Really - really - as Mr. Chillip told my mother, he was almost
shocked; speaking in a professional point of view alone, he was
almost shocked. But he sat and looked at her, notwithstanding, for
nearly two hours, as she sat looking at the fire, until he was
again called out. After another absence, he again returned.

'Well?' said my aunt, taking out the cotton on that side again.

'Well, ma'am,' returned Mr. Chillip, 'we are - we are progressing

slowly, ma'am.'

'Ya--a--ah!' said my aunt. With such a snarl at him, that Mr.
Chillip absolutely could not bear it. It was really calculated to
break his spirit, he said afterwards. He preferred to go and sit
upon the stairs, in the dark and a strong draught, until he was
again sent for.

Ham Peggotty, who went to the national school, and was a very
dragon at his catechism, and who may therefore be regarded as a
credible witness, reported next day, that happening to peep in at
the parlour-door an hour after this, he was instantly descried by
Miss Betsey, then walking to and fro in a state of agitation, and
pounced upon before he could make his escape.
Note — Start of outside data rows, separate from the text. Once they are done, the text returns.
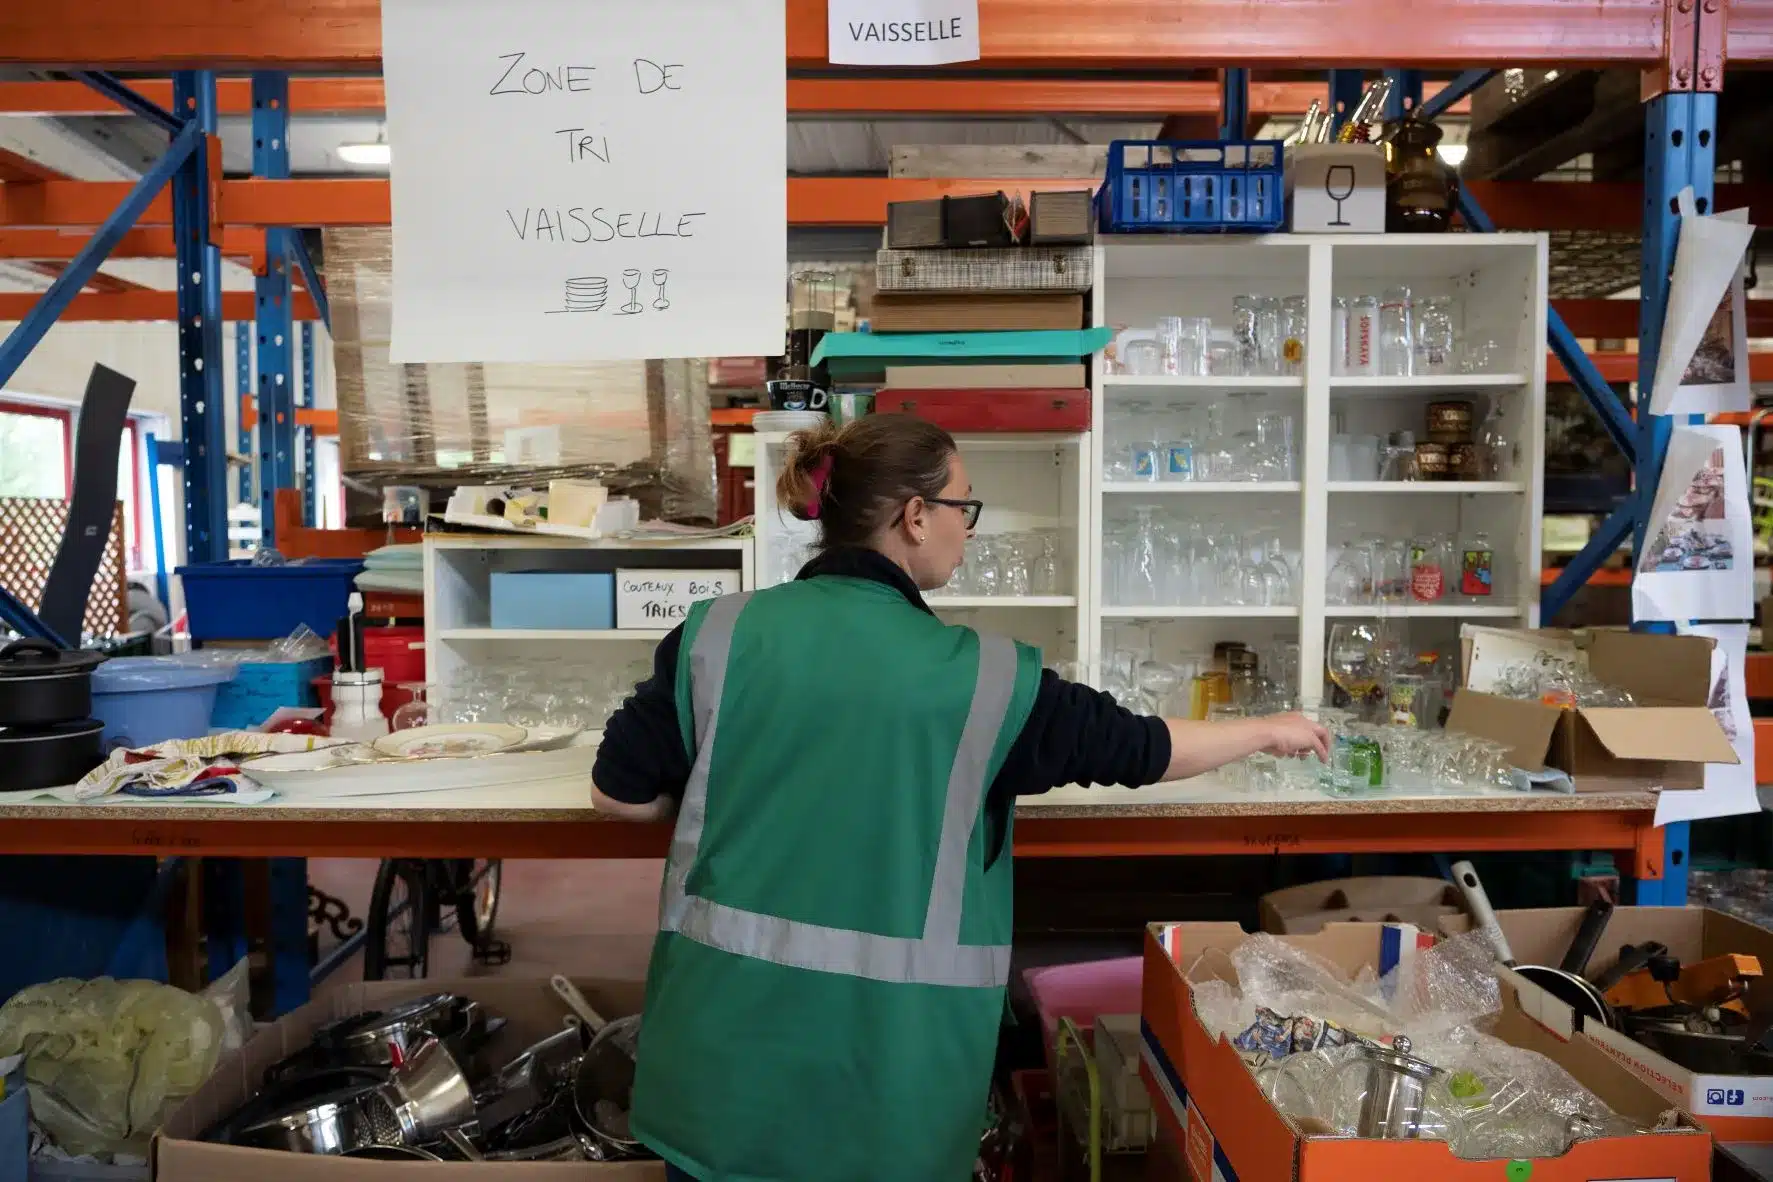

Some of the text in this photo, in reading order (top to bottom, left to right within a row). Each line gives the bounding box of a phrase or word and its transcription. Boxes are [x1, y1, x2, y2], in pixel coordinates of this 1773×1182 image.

[849, 17, 961, 42] VAISSELLE
[490, 52, 684, 95] ZONE DE
[555, 128, 610, 163] TRI
[506, 206, 706, 243] VAISSELLE
[623, 580, 675, 597] COUTEAUX
That there were now
occasional sounds of feet and voices overhead which he inferred the
cotton did not exclude, from the circumstance of his evidently
being clutched by the lady as a victim on whom to expend her
superabundant agitation when the sounds were loudest. That,
marching him constantly up and down by the collar (as if he had
been taking too much laudanum), she, at those times, shook him,
rumpled his hair, made light of his linen, stopped his ears as if
she confounded them with her own, and otherwise tousled and
maltreated him. This was in part confirmed by his aunt, who saw
him at half past twelve o'clock, soon after his release, and
affirmed that he was then as red as I was.

The mild Mr. Chillip could not possibly bear malice at such a time,
if at any time. He sidled into the parlour as soon as he was at
liberty, and said to my aunt in his meekest manner:

'Well, ma'am, I am happy to congratulate you.'

'What upon?' said my aunt, sharply.

Mr. Chillip was fluttered again, by the extreme severity of my
aunt's manner; so he made her a little bow and gave her a little
smile, to mollify her.

'Mercy on the man, what's he doing!' cried my aunt, impatiently.
'Can't he speak?'

'Be calm, my dear ma'am,' said Mr. Chillip, in his softest accents.
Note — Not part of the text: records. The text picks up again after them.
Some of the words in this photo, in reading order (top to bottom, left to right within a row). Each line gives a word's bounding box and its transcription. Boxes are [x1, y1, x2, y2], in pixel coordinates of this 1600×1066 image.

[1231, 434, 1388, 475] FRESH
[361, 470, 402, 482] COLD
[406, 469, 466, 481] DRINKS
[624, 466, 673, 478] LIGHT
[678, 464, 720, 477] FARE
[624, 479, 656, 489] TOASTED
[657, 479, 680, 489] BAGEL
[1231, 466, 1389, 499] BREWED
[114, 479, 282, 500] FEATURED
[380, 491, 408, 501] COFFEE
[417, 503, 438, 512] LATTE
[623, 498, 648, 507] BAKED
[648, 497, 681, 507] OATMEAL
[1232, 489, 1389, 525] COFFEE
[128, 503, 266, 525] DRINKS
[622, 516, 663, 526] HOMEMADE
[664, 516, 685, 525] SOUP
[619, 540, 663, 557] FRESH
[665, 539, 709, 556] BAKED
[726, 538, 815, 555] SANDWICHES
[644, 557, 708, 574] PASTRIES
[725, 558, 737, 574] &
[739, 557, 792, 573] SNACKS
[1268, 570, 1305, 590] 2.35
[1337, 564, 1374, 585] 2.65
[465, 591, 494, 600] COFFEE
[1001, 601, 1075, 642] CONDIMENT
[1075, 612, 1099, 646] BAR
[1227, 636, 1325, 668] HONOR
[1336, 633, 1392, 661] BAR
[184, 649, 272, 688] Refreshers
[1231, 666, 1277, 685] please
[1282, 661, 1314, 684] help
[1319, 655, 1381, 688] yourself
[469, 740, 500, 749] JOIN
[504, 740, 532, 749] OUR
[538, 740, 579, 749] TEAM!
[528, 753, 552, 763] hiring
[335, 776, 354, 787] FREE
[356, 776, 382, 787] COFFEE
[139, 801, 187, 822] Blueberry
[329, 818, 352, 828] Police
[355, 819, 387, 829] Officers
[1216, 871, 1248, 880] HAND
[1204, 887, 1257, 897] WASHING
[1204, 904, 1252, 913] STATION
'There is no longer any occasion for uneasiness, ma'am. Be calm.'

It has since been considered almost a miracle that my aunt didn't
shake him, and shake what he had to say, out of him. She only
shook her own head at him, but in a way that made him quail.

'Well, ma'am,' resumed Mr. Chillip, as soon as he had courage, 'I
am happy to congratulate you. All is now over, ma'am, and well
over.'

During the five minutes or so that Mr. Chillip devoted to the
delivery of this oration, my aunt eyed him narrowly.
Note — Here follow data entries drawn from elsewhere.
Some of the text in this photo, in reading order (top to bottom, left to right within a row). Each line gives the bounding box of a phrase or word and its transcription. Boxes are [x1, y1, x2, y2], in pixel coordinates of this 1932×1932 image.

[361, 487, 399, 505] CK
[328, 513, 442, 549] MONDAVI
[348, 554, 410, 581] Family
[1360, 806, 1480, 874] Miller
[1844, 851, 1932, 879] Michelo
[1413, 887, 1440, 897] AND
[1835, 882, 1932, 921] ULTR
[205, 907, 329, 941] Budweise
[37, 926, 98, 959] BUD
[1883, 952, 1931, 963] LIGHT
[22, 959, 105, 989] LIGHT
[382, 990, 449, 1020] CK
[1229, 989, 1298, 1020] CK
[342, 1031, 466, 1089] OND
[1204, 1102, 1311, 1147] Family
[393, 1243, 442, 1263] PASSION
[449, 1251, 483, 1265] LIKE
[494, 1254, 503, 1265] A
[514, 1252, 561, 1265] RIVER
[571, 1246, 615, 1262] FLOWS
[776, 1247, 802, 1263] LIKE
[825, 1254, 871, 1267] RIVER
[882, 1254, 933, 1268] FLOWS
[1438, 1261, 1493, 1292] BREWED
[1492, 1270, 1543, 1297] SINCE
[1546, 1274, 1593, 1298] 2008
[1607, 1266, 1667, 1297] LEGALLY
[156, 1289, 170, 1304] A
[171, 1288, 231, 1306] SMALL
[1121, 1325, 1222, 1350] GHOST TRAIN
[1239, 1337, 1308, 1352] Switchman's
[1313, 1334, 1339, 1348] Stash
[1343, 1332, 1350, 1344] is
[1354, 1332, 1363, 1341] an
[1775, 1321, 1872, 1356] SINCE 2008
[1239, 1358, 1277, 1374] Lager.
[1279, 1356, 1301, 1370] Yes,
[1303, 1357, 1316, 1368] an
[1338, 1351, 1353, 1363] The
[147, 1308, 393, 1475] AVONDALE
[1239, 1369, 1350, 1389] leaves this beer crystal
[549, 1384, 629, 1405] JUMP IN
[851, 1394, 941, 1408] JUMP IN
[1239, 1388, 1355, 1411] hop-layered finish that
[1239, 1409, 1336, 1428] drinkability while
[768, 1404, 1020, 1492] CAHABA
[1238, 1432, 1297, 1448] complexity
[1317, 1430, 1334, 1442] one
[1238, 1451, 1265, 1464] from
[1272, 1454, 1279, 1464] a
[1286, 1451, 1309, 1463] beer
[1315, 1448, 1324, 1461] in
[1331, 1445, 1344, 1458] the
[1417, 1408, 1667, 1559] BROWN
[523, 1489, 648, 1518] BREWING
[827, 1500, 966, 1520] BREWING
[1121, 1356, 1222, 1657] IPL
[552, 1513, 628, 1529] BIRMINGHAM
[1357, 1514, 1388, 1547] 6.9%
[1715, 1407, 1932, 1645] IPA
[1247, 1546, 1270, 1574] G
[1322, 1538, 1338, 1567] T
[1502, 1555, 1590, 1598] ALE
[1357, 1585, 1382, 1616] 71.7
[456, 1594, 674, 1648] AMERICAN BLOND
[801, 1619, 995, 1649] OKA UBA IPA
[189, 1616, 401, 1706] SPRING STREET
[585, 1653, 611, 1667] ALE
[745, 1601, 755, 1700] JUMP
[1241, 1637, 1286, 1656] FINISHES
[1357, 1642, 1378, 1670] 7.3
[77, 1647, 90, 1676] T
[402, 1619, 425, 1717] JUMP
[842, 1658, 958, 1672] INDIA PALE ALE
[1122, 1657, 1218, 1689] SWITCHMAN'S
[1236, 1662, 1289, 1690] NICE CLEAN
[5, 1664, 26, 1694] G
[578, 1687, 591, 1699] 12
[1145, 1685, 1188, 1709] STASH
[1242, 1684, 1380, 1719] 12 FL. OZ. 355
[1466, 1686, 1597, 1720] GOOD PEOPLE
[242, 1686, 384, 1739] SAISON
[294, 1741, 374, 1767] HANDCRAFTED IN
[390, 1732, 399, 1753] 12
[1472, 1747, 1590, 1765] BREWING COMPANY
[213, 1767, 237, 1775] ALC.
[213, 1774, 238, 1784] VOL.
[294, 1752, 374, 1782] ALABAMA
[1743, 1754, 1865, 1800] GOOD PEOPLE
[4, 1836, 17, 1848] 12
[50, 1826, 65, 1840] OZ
'How is she?' said my aunt, folding her arms with her bonnet still
tied on one of them.

'Well, ma'am, she will soon be quite comfortable, I hope,' returned
Mr. Chillip. 'Quite as comfortable as we can expect a young mother
to be, under these melancholy domestic circumstances. There cannot
be any objection to your seeing her presently, ma'am. It may do
her good.'

'And SHE. How is SHE?' said my aunt, sharply.

Mr. Chillip laid his head a little more on one side, and looked at
my aunt like an amiable bird.

'The baby,' said my aunt. 'How is she?'

'Ma'am,' returned Mr. Chillip, 'I apprehended you had known. It's
a boy.'

My aunt said never a word, but took her bonnet by the strings, in
the manner of a sling, aimed a blow at Mr. Chillip's head with it,
put it on bent, walked out, and never came back. She vanished like
a discontented fairy; or like one of those supernatural beings,
whom it was popularly supposed I was entitled to see; and never
came back any more.

No. I lay in my basket, and my mother lay in her bed; but Betsey
Trotwood Copperfield was for ever in the land of dreams and
shadows, the tremendous region whence I had so lately travelled;
and the light upon the window of our room shone out upon the
earthly bourne of all such travellers, and the mound above the
ashes and the dust that once was he, without whom I had never been.

CHAPTER 2
I OBSERVE

The first objects that assume a distinct presence before me, as I
look far back, into the blank of my infancy, are my mother with her
pretty hair and youthful shape, and Peggotty with no shape at all,
and eyes so dark that they seemed to darken their whole
neighbourhood in her face, and cheeks and arms so hard and red that
I wondered the birds didn't peck her in preference to apples.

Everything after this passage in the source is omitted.